What I suggest is taking all of the above problems and turning them into strengths on the platform. Microsoft needs to create a cloud-based system that hooks directly into profiles and synchronizes data, applications, settings and preferences with their cloud servers. This would be along the lines of what Apple currently offers in MobileMe – but a major step past that. If you’re not familiar with what MobileMe does, it’s an Apple subscription-based service that can sync and provide utility for user’s data, mobile phones and all sorts of other features. You can expect Apple will beef this service up in the future as it becomes a bigger part of the cloud. If they are smart, they create a unified profile sync.
Where do you find this done well? Look no further than Google Chrome’s sync.
That’s right, I have seen the future of cloud software interaction, that is Google Chrome’s built-in sync feature. It started off in the beginning as a bookmark sync service, but recently expanded to preferences and even extensions. Yes, extensions.
Here are how these the Chrome-like options may translate to a Windows environment:
Once you create an account based on your email address, you can choose to pass all your stored information to your new computer. These (or everything) can be chosen:
1. AutoFill – this may be all of your documents and a list of most recently opened files
2. Bookmarks – this would translate to your IE (or browser bookmarks)
3. Extensions – imagine, these are all of your installed application binaries, any information about activation is also stored here.
4. Preferences – all of your computer’s setting, policies and other information are stored here, yo can also include themes in this
I have to believe that the legions of Microsoft programmers can make this happen. I do think Microsoft needs a huge shake-up to bring the monster Windows Operating System into the future and on par with how computing devices are becoming more mobile. This would seriously position Windows as the Operating System of the future (over and above the meager MobileMe offering of Apple).
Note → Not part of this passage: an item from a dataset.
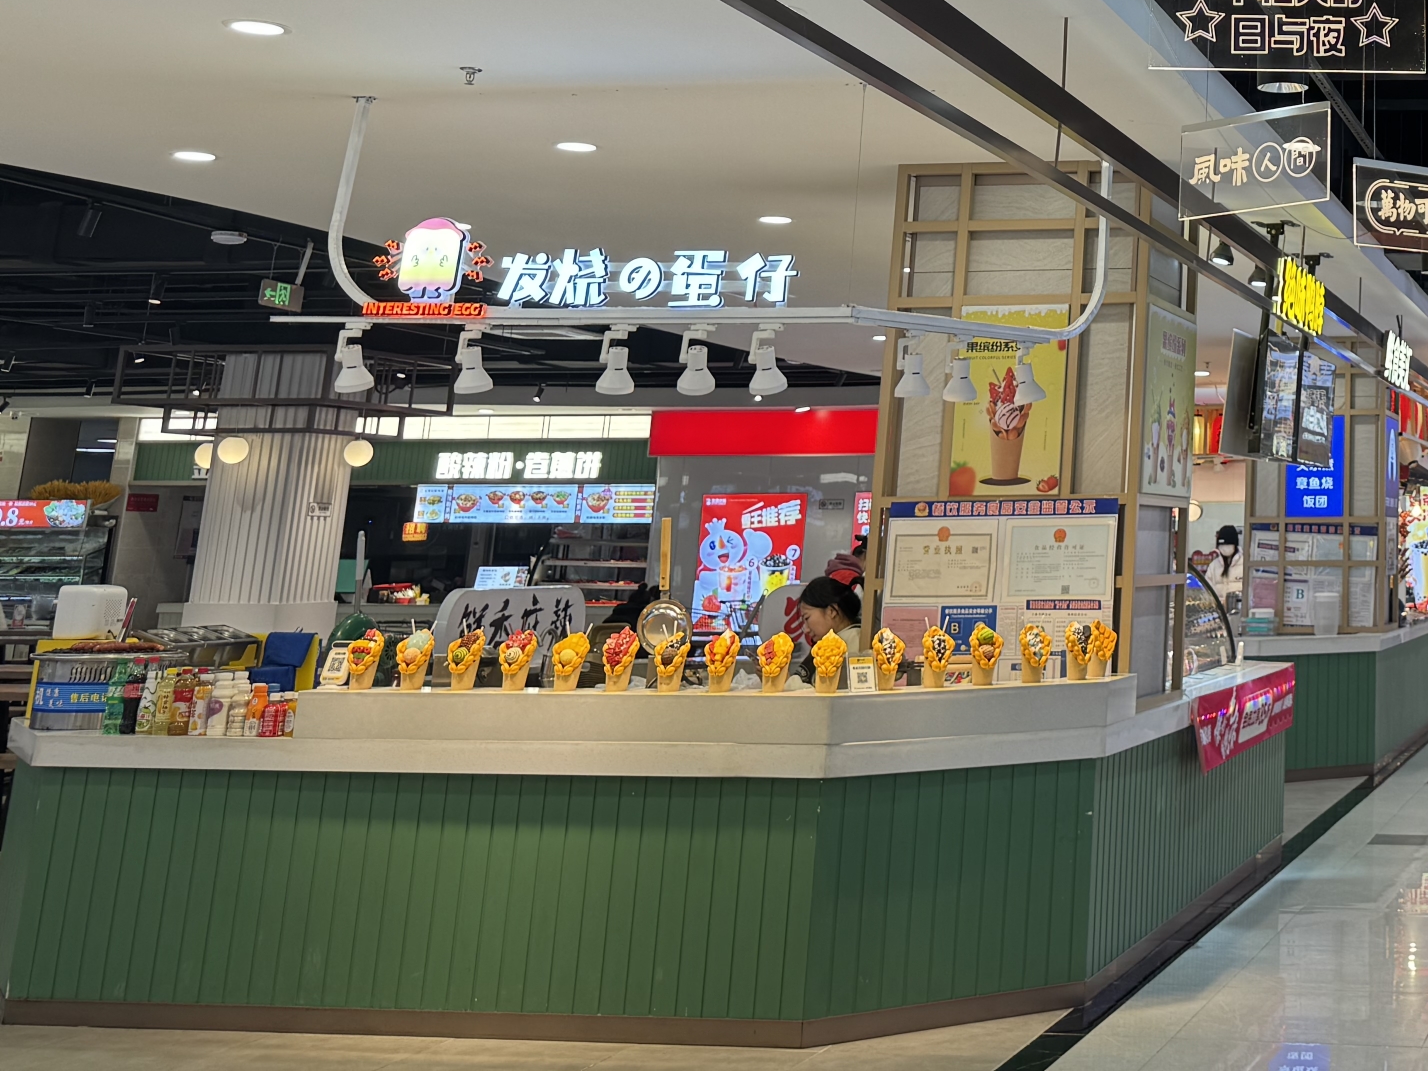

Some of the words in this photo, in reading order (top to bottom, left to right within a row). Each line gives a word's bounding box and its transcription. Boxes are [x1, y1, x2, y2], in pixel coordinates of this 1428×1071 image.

The desktop-based Office System needs a BIG change
The second of Microsoft’s cash cows is also one the downward spin. The Office System is a massive bloated pieces of software, that, by all accounts- no one really knows all of it’s features. The suite of applications has undergone all sorts of iterations and look changes but still hasn’t gotten some simple things consistent across applications – have you tried to set the default font in each of the suite’s applications?
Office is also headed down the path of failure thanks to being attacked by more agile and mobile products (Google’s Apps), cheaper products (OpenOffice), and even slimmer programs (AbiWord). If you are in the market for a word processor, chances are you’ll get everything you need from a FREE application, so why would you pay upwards of $400 for this? In the future you won’t.
Not only will Office be compatible with the above-mentioned Windows Cloud Sync service, it will seamlessly integrate with the web offering (if you decide to stay inside the web interface and edit your already synced documents. If you decide to use a local-based Mac or PC, your Windows Sync application will bring these applications to you at no extra cost.
How will Microsoft make money from this scenario? Expect this to be based on a storage model or a subscription model. The Office applications of the future will have no locally attached price tag. For most, these applications will all be free. Microsoft will also need to resist the urge to lock users in, preferring to be more open and release Linux versions of the Windows Sync client.
These are really the two biggest things Microsoft can do, nay, should do to position themselves in this rapidly changing market. In 5 years or less mobile devices will likely be the defacto standard and if Microsoft has no way of allowing a user to store, sync and edit a document via mobile phone on all the popular Operating Systems, expect a HUGE decline.